By Anthony (Tony) Morelli, Southwestern Regional Compliance Manager. -

Recently I observed a Public Work’s Director proposing to his City Council, the extension of a contractor’s $300,000 contract for the City’s annual sidewalk, curb, gutter and driveway repair or replacement maintenance contract. In looking at the background information, my concern was whether the project was ever formally put out to bid. Upon further investigation, I was able to determine that this was actually going to be the eighth extension with the same contractor! How can they do that you ask?Tony Morelli, Southwestern Regional Compliance Manager

Well, Public Agencies do have the flexibility to utilize annual maintenance contracts for regular, repetitive, routine or recurring maintenance. We see annual contracts being used for; landscaping, tree trimming, fire sprinkler service and testing, building maintenance or sidewalk, curb, gutter and driveway repair or replacement.

There are several components that an agency must include in utilizing the annual maintenance contract procurement method.

  • The agency must still follow the California Public Contract Code (PCC) laws, so initially the annual maintenance contract for the project must be formally bid out.
  • The Agency must follow the definitions as outlined in PCC 22002, (Maintenance) Which is defined as; Routine, recurring and usual work for the preservation or protection of any publicly owned or publicly operated facility for its intended purposes.
  • In the original contact, the agency can stipulate the term, usually one-year, (I have also seen three to five year contracts) usually with a clause that allows the agency to extend the contract one (or more) years at a time, if both parties agree and the governmental board or city council votes to approve the extension. There may also be clause included that allows either party to terminate the contract, as well.
  • The Agency (at their option, but not very likely) may also include or allow the contractor a minimal unit price increase, as long as it follows the Consumer Price Index (CPI) and as long as this clause and details are included in the extension agreement.
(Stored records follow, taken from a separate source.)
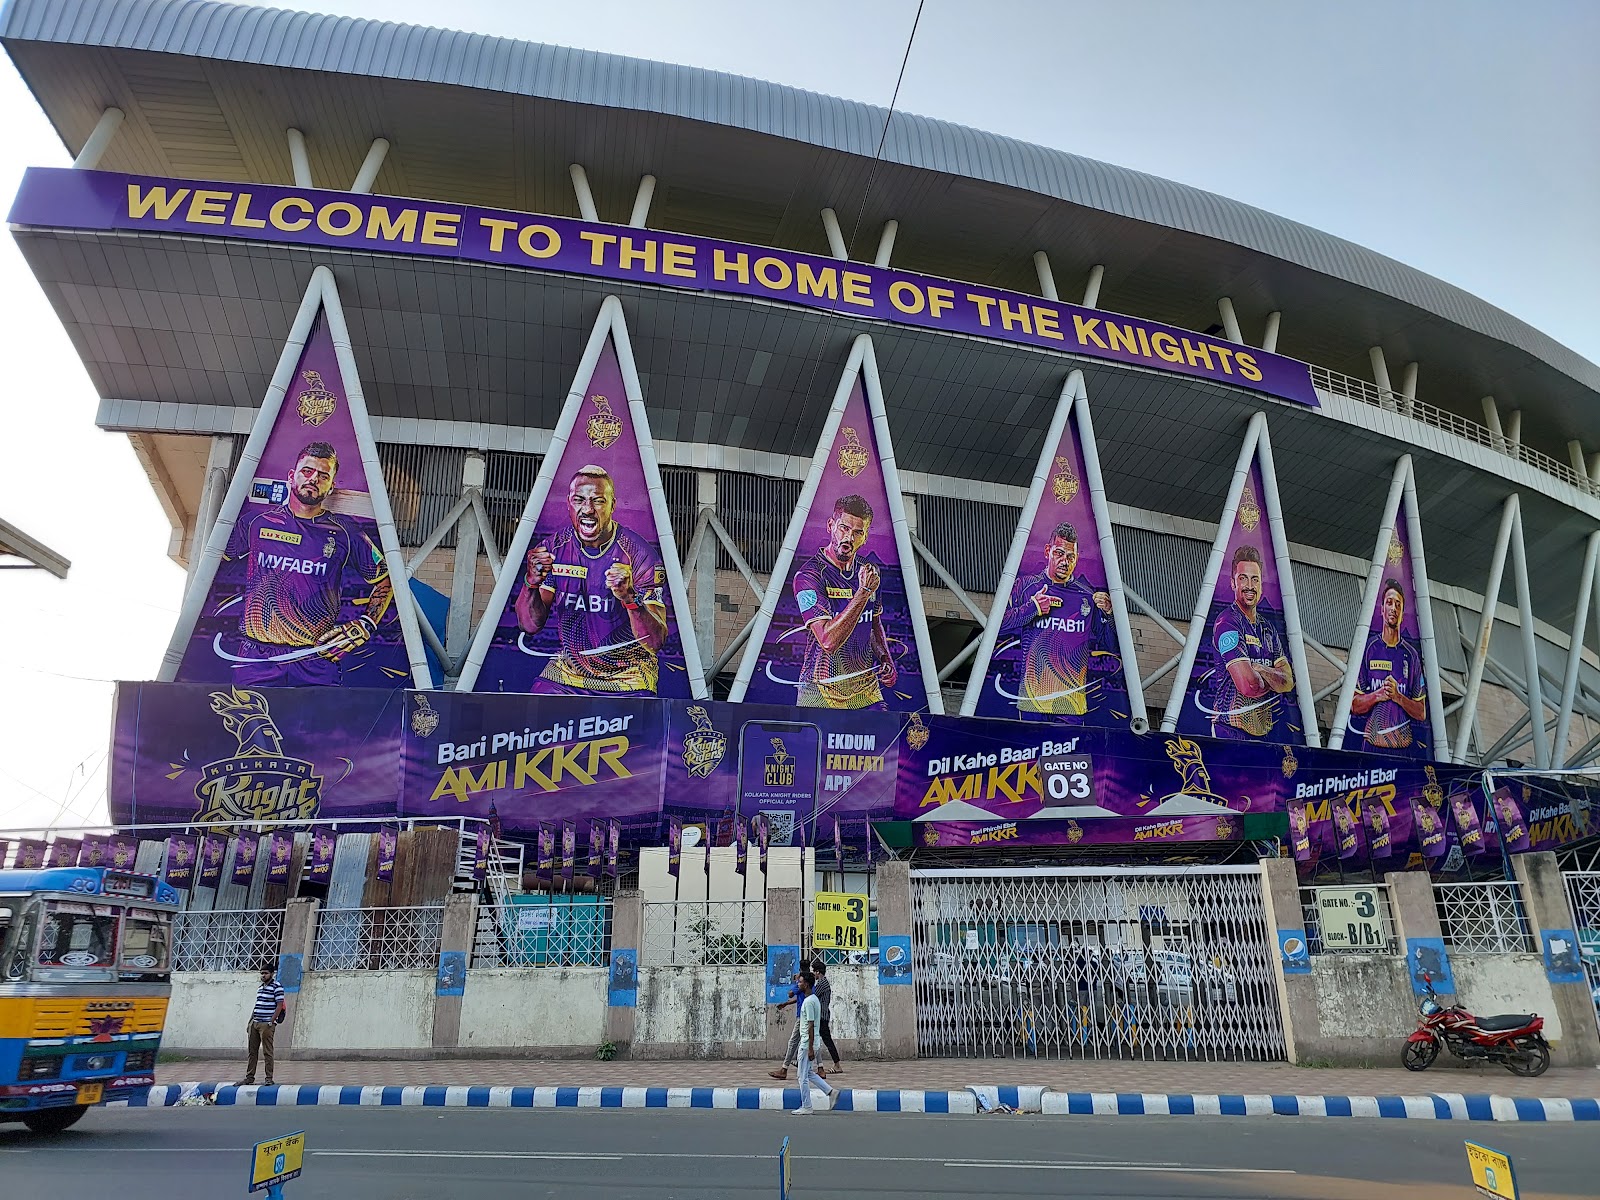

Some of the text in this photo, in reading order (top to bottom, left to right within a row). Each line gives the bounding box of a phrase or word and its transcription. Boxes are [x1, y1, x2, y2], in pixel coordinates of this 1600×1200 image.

[126, 183, 1265, 383] WELCOME TO THE HOME OF THE KNIGHTS
[437, 714, 634, 765] Bari Phirchi Ebar
[686, 737, 725, 754] Knight
[827, 733, 876, 751] EKDUM
[684, 747, 724, 766] Riders
[826, 753, 885, 772] FATAFATI
[928, 736, 1080, 777] Dil Kahe Baar Baar
[1044, 760, 1089, 771] GATE NO
[210, 760, 306, 776] KOLKATA
[429, 735, 633, 803] AMI KKR
[765, 763, 795, 773] KNIGHT
[766, 773, 793, 785] CLUB
[824, 774, 853, 791] APP
[1047, 772, 1091, 799] 03
[1296, 767, 1398, 799] Bari Phirchi Ebar
[201, 774, 317, 817] Knight
[919, 772, 984, 808] AMI
[969, 827, 1019, 845] AMI KKR
[1153, 823, 1185, 838] KKR
[817, 902, 831, 911] GATE
[846, 898, 864, 923] 3
[1322, 898, 1339, 908] GATE
[1355, 891, 1376, 918] 3
So back to my concern with the above agency’s awarding the eighth-year renewal contract extension to the contractor. I made a formal Public Records Act request to see the original contract between the City and the contractor. Upon reviewing the contract, it did in fact have all of the required components, so the City was legally within their right to extend the contract. I suggested that perhaps they should at least consider re-bidding it out after no more than three years, believing that the City was more likely to obtain favorable pricing by utilizing the competitive bidding process.

-Bottom line… You can lead a horse to water, but you can’t make him drink!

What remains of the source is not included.